I am trying to implement Huffman compression and decompression of files, where all the information needed to decompress must be included in the compressed file. For this implementation I want to include the frequency table in the compressed file, such that the decompression program can rebuild the Huffman codes from this frequency table and then decompress the file.

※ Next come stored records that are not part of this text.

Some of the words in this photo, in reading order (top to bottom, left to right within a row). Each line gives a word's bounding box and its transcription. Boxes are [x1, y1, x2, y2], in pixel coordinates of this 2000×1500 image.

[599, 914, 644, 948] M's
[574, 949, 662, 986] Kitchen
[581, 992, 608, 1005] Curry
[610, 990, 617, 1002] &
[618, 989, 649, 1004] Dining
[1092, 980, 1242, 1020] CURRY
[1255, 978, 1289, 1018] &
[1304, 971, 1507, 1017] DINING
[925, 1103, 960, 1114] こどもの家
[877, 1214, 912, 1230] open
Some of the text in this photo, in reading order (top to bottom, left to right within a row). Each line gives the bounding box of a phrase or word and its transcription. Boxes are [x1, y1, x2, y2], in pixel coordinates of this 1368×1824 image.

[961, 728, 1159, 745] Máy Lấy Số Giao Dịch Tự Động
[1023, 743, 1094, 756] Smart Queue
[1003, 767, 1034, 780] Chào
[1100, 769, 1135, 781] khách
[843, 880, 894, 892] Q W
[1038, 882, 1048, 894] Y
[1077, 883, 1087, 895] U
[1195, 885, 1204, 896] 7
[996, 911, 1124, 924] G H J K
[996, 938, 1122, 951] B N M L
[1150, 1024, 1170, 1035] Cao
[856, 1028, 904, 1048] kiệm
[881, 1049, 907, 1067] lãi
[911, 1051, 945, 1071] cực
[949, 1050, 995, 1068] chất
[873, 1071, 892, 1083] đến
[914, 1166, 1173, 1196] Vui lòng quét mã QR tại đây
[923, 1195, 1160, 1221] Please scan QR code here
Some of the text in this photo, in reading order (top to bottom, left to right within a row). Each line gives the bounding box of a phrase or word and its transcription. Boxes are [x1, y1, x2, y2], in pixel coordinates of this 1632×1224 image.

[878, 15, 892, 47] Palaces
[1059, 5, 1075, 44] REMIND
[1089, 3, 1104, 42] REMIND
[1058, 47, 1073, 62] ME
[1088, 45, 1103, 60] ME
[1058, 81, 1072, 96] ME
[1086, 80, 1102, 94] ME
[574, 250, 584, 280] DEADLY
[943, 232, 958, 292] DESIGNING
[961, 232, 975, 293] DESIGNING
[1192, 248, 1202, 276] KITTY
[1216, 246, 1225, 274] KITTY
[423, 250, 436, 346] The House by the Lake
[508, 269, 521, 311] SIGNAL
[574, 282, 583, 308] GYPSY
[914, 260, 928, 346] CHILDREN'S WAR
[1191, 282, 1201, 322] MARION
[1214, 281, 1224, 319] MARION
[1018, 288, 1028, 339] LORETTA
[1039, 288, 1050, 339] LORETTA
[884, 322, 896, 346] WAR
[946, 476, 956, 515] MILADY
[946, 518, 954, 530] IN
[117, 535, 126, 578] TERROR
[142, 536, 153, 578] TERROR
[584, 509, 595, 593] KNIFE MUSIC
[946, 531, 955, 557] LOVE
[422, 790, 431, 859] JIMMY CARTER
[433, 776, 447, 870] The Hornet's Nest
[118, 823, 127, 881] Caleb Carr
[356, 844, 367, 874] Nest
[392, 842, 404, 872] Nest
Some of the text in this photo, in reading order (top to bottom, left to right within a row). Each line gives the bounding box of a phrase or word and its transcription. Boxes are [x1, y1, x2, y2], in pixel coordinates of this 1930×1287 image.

The frequency table looks something like this, where each index maps to an ASCII-character's decimal representation:

[0, 0, 0, 0, 0, 0, 0, 0, 0, 0, 847, 0, 0, 0, 0, 0, 0, 0, 0, 0, 0, 0, 0, 0, 0, 0, 0, 0, 0, 0, 0, 0, 4183, 13, 0, 0, 0, 6, 0, 0, 26, 26, 0, 107, 84, 598, 124, 36, 72, 66, 42, 21, 8, 16, 9, 11, 10, 10, 46, 0, 0, 7, 0, 3, 0, 21, 30, 4, 20, 19, 30, 5, 34, 35, 0, 9, 19, 15, 7, 10, 9, 0, 8, 15, 19, 1, 9, 8, 2, 1, 8, 24, 29, 24, 23, 8, 0, 439, 189, 40, 252, 1514, 226, 241, 82, 462, 62, 353, 346, 306, 521, 436, 212, 0, 977, 512, 663, 100, 176, 24, 10, 53, 9, 23, 374, 23, 2, 0, 197, 0, 0, 0, 0, 3, 0, 0, 3, 0, 0, 0, 0, 0, 0, 0, 0, 0, 0, 65, 0, 0, 0, 3, 0, 0, 0, 0, 0, 0, 0, 0, 90, 0, 124, 0, 0, 75, 14, 0, 0, 49, 0, 33, 0, 0, 0, 4, 0, 0, 0, 0, 0, 0, 0, 0, 66, 0, 0, 34, 0, 0, 0, 0, 0, 0, 157, 154, 0, 0, 0, 0, 0, 0, 0, 0, 0, 0, 49, 0, 0, 0, 0, 0, 0, 0, 0, 0, 0, 0, 0, 0, 0, 0, 0, 0, 0, 0, 200, 0, 0, 0, 0, 0, 0, 0, 0, 0, 0, 0, 0, 0, 0, 0, 0, 0, 0, 0, 0, 0, 0, 0, 0, 0, 0, 0, 0, 0]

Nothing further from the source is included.